FDA explains that the uses of BPA were cleared by FDA years ago, pursuant to Food Additive Petitions. Those petitions are typically submitted by individual companies, but once approved, they result in a published regulation in the Code of Federal Regulations that any company can rely on as the basis of legal use of that substance. BPA was cleared on the basis of proof of its safety when used as intended. But if FDA decides that newer information shows BPA is not safe, it could revoke those regulations via a laborious process of more rule making, which involves publishing the proposed rule, taking and considering public comments on the proposal, then publishing the final rule. It often takes years. Because innumerable companies can and do rely on the regulations, FDA is not aware of all the packages it’s used in or all the formulations of which it is a part.
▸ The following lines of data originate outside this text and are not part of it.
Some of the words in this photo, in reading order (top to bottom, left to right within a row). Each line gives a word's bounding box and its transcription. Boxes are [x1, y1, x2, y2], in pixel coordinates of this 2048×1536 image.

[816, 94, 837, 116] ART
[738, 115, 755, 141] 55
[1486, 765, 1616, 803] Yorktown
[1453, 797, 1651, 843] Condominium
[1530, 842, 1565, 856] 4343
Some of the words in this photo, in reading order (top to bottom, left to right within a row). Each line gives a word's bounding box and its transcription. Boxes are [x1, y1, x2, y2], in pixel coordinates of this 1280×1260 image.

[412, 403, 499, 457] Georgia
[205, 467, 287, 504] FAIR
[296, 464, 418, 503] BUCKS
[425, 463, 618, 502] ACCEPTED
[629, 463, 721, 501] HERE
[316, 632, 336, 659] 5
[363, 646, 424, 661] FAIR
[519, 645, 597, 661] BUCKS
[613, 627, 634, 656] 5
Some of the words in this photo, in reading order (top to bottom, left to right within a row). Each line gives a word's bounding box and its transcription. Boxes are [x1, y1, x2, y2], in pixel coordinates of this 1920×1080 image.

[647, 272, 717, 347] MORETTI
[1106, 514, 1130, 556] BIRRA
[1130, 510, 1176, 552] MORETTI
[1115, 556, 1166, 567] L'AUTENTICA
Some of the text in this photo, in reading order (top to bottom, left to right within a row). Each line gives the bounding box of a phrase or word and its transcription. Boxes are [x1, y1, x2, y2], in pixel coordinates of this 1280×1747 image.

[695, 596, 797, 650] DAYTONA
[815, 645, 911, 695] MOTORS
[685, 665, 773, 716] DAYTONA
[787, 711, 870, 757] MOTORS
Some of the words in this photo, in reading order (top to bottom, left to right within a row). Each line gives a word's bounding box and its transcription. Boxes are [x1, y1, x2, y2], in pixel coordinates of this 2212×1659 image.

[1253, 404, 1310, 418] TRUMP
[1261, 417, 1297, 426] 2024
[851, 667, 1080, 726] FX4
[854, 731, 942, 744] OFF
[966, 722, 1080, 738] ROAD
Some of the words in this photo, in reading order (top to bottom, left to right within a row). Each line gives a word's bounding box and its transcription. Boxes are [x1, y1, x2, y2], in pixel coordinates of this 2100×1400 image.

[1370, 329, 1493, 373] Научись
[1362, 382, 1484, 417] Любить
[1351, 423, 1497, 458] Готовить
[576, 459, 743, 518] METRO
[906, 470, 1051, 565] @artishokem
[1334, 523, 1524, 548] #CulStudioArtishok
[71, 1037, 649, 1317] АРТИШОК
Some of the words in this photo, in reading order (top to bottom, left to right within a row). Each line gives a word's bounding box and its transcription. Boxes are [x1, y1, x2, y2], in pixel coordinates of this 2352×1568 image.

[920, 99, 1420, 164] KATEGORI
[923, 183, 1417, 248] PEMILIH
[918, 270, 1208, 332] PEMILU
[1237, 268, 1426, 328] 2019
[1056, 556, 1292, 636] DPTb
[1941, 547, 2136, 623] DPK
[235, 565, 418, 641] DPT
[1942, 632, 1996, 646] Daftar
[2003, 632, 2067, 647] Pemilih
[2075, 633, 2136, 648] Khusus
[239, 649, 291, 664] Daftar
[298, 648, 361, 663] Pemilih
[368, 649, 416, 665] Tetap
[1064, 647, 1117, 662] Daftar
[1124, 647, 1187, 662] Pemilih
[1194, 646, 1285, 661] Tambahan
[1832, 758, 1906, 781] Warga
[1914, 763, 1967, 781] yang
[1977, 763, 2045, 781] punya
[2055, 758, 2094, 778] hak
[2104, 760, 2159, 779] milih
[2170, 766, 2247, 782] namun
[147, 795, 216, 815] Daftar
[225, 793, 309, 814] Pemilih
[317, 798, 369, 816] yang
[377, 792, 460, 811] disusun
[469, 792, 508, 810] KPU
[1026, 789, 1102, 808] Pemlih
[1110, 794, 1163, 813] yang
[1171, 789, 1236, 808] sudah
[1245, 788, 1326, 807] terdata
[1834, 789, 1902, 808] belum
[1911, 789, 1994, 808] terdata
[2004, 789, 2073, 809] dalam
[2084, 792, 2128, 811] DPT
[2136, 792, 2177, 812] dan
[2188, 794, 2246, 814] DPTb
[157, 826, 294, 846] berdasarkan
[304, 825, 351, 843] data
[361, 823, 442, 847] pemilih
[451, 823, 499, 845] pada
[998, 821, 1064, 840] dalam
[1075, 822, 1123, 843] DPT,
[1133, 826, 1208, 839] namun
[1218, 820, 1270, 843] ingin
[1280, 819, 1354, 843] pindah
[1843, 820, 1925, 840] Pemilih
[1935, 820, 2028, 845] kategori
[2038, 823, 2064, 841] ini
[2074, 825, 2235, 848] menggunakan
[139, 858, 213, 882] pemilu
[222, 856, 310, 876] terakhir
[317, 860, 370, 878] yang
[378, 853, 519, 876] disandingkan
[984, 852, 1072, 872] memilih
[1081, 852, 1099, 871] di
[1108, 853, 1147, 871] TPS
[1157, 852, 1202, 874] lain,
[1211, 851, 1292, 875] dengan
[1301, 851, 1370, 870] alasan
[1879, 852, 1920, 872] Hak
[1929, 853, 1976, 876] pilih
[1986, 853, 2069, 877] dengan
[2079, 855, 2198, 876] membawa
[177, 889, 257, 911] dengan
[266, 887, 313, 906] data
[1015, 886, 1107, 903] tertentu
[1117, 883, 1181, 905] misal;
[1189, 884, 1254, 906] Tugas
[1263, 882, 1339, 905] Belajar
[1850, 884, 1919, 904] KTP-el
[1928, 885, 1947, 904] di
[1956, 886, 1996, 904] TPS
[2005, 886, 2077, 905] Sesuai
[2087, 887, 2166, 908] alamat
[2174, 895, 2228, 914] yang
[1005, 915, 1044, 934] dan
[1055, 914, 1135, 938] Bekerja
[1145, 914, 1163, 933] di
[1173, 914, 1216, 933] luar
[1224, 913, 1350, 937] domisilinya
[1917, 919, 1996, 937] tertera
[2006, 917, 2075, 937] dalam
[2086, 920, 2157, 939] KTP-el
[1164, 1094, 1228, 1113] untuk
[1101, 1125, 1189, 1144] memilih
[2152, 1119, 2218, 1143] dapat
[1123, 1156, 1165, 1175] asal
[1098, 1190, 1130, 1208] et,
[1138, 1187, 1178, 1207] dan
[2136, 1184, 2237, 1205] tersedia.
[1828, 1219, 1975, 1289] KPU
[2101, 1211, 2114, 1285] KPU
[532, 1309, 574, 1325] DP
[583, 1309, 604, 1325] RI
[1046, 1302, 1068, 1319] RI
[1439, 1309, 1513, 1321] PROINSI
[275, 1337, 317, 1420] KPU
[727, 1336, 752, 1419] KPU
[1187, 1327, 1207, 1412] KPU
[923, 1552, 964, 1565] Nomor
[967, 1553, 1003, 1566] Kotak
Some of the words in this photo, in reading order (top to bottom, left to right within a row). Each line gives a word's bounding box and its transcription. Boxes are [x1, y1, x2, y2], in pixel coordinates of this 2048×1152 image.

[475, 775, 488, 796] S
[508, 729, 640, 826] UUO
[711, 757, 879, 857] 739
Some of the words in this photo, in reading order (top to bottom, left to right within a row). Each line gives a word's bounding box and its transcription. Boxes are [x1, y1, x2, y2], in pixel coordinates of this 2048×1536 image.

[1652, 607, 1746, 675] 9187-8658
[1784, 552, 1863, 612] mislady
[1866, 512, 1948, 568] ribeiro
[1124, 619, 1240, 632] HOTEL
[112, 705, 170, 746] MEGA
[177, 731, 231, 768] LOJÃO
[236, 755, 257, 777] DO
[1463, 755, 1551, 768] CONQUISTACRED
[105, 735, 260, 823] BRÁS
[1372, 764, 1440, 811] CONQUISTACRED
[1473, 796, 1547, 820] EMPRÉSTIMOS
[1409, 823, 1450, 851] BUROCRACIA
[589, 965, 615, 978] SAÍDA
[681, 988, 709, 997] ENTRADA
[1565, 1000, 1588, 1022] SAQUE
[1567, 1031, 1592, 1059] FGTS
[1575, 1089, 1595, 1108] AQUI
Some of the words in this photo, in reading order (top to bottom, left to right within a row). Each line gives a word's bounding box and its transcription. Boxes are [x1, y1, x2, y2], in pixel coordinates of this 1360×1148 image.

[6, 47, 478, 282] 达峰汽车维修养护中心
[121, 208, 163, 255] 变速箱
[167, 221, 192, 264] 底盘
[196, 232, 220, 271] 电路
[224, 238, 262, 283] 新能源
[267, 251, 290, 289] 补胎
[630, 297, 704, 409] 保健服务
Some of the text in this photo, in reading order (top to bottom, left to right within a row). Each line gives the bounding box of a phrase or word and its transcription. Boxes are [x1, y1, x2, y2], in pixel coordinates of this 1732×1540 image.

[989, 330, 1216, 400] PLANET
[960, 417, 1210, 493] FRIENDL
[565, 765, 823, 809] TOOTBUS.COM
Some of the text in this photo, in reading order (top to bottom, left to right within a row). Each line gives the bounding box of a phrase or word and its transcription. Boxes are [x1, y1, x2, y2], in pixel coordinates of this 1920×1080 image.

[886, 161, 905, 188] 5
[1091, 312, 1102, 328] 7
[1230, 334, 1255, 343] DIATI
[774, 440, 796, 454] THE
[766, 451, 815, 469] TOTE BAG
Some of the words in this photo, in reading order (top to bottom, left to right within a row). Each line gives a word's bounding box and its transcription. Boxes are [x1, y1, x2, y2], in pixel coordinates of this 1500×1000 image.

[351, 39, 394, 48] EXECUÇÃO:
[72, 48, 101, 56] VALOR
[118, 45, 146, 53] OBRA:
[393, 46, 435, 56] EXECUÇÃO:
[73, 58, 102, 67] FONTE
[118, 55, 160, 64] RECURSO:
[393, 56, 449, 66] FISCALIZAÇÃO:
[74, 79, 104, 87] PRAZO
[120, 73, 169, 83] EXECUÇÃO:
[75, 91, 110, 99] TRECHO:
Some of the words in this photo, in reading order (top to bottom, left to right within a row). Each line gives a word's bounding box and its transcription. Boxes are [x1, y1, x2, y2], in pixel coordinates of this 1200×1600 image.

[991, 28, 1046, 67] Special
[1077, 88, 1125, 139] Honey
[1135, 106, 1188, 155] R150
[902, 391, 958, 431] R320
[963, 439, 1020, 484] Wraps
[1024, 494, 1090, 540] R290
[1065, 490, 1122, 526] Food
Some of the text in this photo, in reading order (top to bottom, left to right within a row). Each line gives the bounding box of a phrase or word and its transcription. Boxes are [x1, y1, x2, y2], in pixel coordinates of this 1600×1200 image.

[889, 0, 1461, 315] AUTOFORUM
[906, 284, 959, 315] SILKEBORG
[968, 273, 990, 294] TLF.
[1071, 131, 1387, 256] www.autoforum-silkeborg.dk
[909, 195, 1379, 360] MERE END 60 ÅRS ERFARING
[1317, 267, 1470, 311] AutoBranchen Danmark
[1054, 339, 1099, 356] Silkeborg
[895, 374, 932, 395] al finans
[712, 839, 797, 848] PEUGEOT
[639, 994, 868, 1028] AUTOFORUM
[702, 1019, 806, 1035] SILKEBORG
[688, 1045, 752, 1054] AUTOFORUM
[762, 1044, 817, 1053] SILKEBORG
By contrast, the process of clearing food-contact substances via Food Contact Notifications, which started only recently in 2000, results in an exclusive license to the applicant company to use the substance in contact with food. It also involves disclosure to FDA of the exact conditions and levels of the substance’s use. If, afterwards, safety concerns arise about the substance, FDA knows who is using it and how, and the agency can work with the companies to try to minimize exposure. FDA could even require the companies to submit additional safety data. And, if FDA concludes the use is not safe and wants to revoke the food contact notification clearance, it’s quicker and easier. All it need do is tell the manufacture and, assuming the manufacturer is unable to talk FDA out of its decision, publish a notice to the public that it’s doing so.

Calling the FCN process more “robust and appropriate for oversight of BPA than the current one,” FDA says it will “encourage manufacturers to voluntarily submit a food-contact notification for their currently marketed uses of BPA-containing materials.” What this means is hardly clear, though FDA is expected to flesh out its request soon via communications directly with manufacturers of BPA-containing packaging.

Questions worth asking right now include these:

• Can FDA force manufacturers to do this? No.
• Will manufacturers voluntarily make this switch to a legal status for their BPA uses that is easier and quicker for FDA to undo if and when it decides to do so in the future? Who knows, but why would they?
• And finally, what happens if FDA decides to revoke the Food Contact Notifications manufacturers eventually might agree to get, if the clearance regulations are still in place? This story isn’t nearly over yet.